Now let's merge the error data with the correction data.

In [54]:
corrections_errors_merged_df = pd.merge(
    df_newspapers_with_titles, df_errors_with_titles, how="left", on="id"
)
In [55]:
corrections_errors_merged_df.head()
Out[55]:
title_x id total_results_x total_articles_x proportion_x title_y total_results_y total_articles_y proportion_y
0 The Newcastle Argus and District Advertiser (N... 513 30 30 1.0 The Newcastle Argus and District Advertiser (N... 3 30 0.100000
1 The Satirist and Sporting Chronicle (Sydney, N... 1028 286 286 1.0 The Satirist and Sporting Chronicle (Sydney, N... 0 286 0.000000
2 The True Sun and New South Wales Independent P... 1038 20 20 1.0 The True Sun and New South Wales Independent P... 0 20 0.000000
3 Upper Hunter Courier (Murrurundi, NSW : 1871) 810 24 24 1.0 Upper Hunter Courier (Murrurundi, NSW : 1871) 5 24 0.208333
4 The Temora Telegraph and Mining Advocate (NSW ... 729 6 6 1.0 The Temora Telegraph and Mining Advocate (NSW ... 0 6 0.000000
In [56]:
corrections_errors_merged_df["proportion_uncorrected"] = corrections_errors_merged_df[
    "proportion_x"
].apply(lambda x: 1 - x)
corrections_errors_merged_df.rename(
    columns={
        "title_x": "title",
        "proportion_x": "proportion_corrected",
        "proportion_y": "proportion_with_errors",
    },
    inplace=True,
)
corrections_errors_merged_df.sort_values(
    by=["proportion_with_errors", "proportion_uncorrected"],
    ascending=False,
    inplace=True,
)

So, for what it's worth, here's a list of the neediest newspapers – those with high error rates and low correction rates!
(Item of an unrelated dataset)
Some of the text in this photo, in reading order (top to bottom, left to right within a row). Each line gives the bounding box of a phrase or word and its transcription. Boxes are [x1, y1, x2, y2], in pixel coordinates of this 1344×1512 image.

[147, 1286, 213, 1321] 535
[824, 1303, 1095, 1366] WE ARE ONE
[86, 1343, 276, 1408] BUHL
As I've said, this is a pretty dodgy method, but interesting nonetheless.

In [57]:
corrections_errors_merged_df[
    ["title", "proportion_with_errors", "proportion_uncorrected"]
][:25]
Out[57]:
title proportion_with_errors proportion_uncorrected
1194 The Weekly Advance (Granville, NSW : 1892 - 1893) 0.675017 0.961408
668 Dunolly and Betbetshire Express and County of ... 0.646942 0.919906
1479 The Tarrangower Times and Maldon and Newstead ... 0.562949 0.977793
387 Hamilton Spectator and Grange District Adverti... 0.545771 0.862251
1592 Boggy Camp Tingha and Bora Creek (NSW : 1899) 0.540816 0.984694
208 The North Australian, Ipswich and General Adve... 0.535699 0.731153
280 The North Australian (Brisbane, Qld. : 1863 - ... 0.534814 0.801468
1525 The Herald of Tasmania (Hobart, Tas. : 1845) 0.520000 0.980000
1097 The Hay Standard and Advertiser for Balranald,... 0.514144 0.954669
515 Wagga Wagga Express and Murrumbidgee District ... 0.510349 0.895234
919 Robertson Advocate (NSW : 1894 - 1923) 0.508531 0.942708
542 Temora Herald and Mining Journal (NSW : 1882 -... 0.506784 0.901038
359 Sydney Mail (NSW : 1860 - 1871) 0.502400 0.851386
496 Tasmanian Morning Herald (Hobart, Tas. : 1865 ... 0.496404 0.891837
753 Molong Argus (NSW : 1896 - 1921) 0.494018 0.928865
139 Morning Star and Commercial Advertiser (Hobart... 0.486201 0.628890
191 Port Phillip Gazette (Vic. : 1851) 0.484725 0.712831
226 Telegraph (Hobart Town, Tas. : 1867) 0.478571 0.757143
394 The Cumberland Free Press (Parramatta, NSW : 1... 0.466974 0.864875
222 The Hobart Town Herald (Tas. : 1845) 0.456140 0.754386
121 Trumpeter General (Hobart, Tas. : 1833 - 1834) 0.453441 0.597841
986 The News, Shoalhaven and Southern Coast Distri... 0.445678 0.947225
276 The Cornwall Chronicle (Launceston, Tas. : 183... 0.440183 0.798548
925 Chronicle, South Yarra Gazette, Toorak Times a... 0.440054 0.943280
1503 The Mount Lyell Standard and Strahan Gazette (... 0.435721 0.978971

Created by Tim Sherratt for the GLAM Workbench.